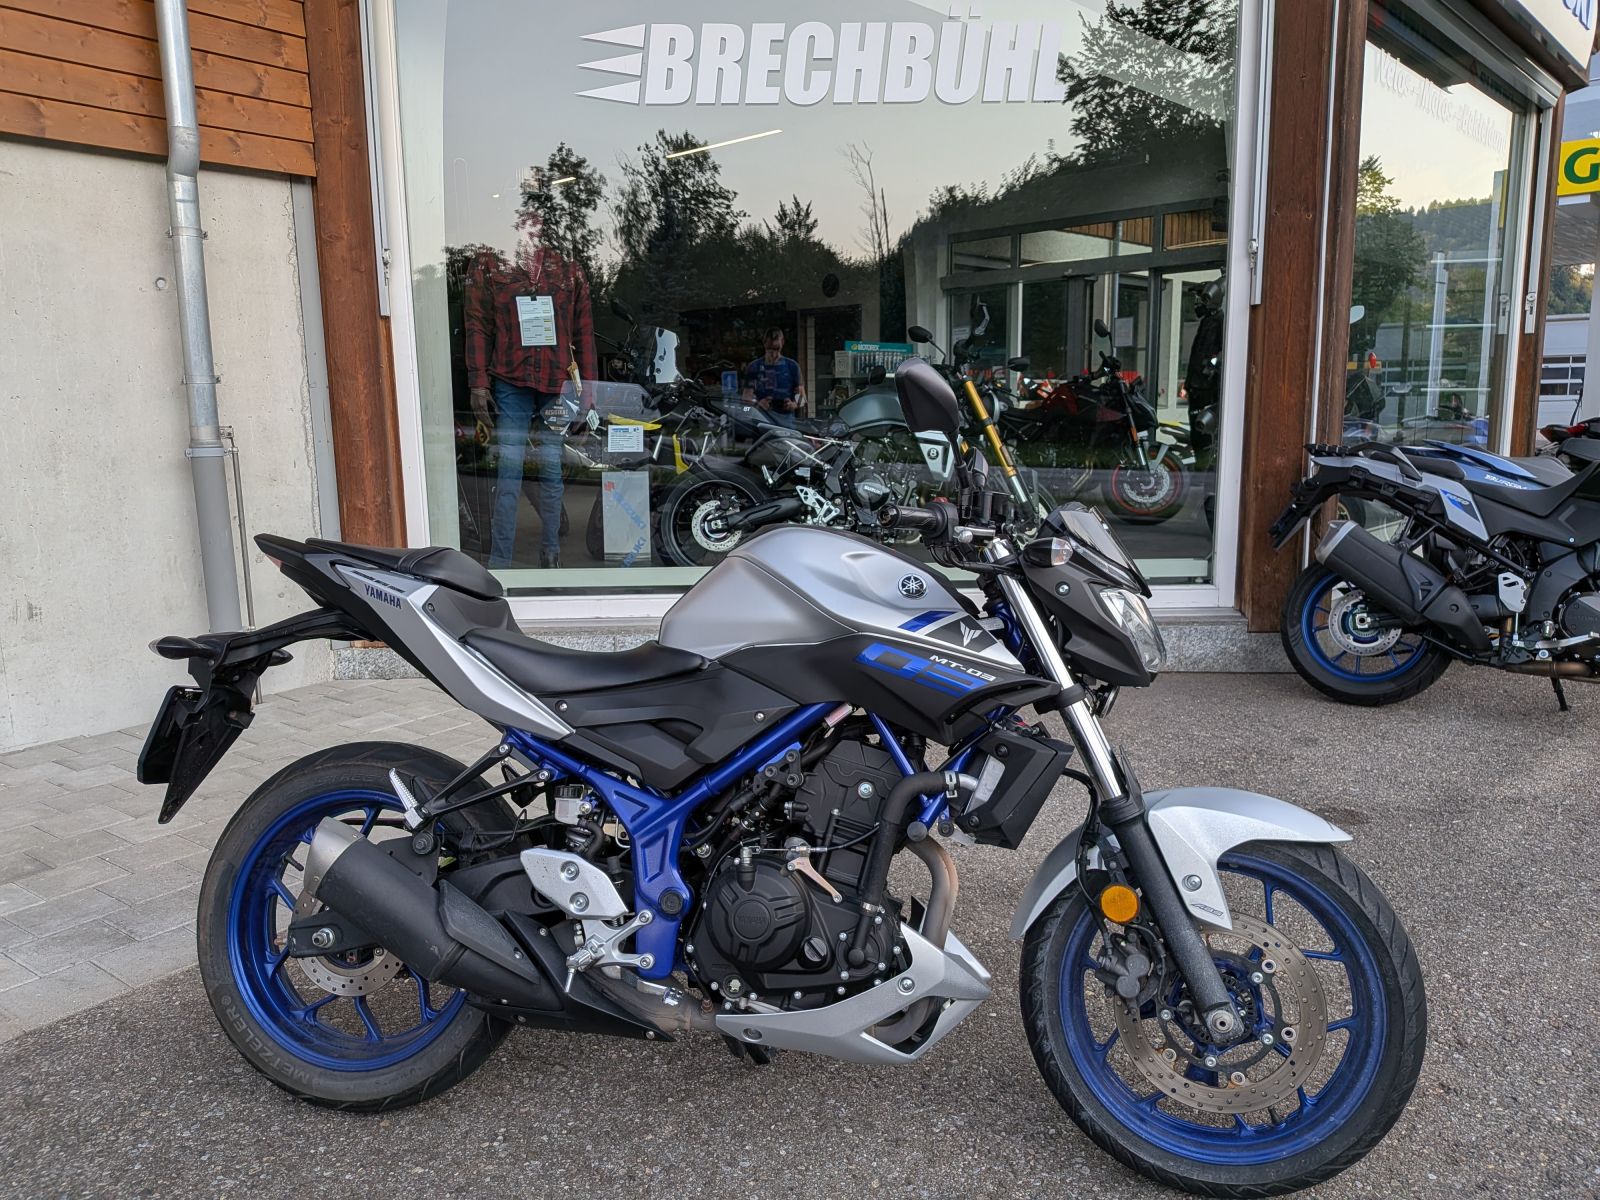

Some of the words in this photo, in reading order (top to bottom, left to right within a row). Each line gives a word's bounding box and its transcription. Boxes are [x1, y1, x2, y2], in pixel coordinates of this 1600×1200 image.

[644, 4, 1067, 105] BRECHBÜHL
[364, 583, 402, 610] YAMAHA
[928, 654, 997, 682] MT-03
[225, 1005, 311, 1084] METZELER

TASK REQUIREMENTS
Give the listing again word for word. Skip every image.

EXERCISE OUTPUT
Some of the words in this photo, in reading order (top to bottom, left to right within a row). Each line gives a word's bounding box and its transcription. Boxes are [x1, y1, x2, y2], in pixel coordinates of this 1600×1200 image.

[644, 4, 1067, 105] BRECHBÜHL
[364, 583, 402, 610] YAMAHA
[928, 654, 997, 682] MT-03
[225, 1005, 311, 1084] METZELER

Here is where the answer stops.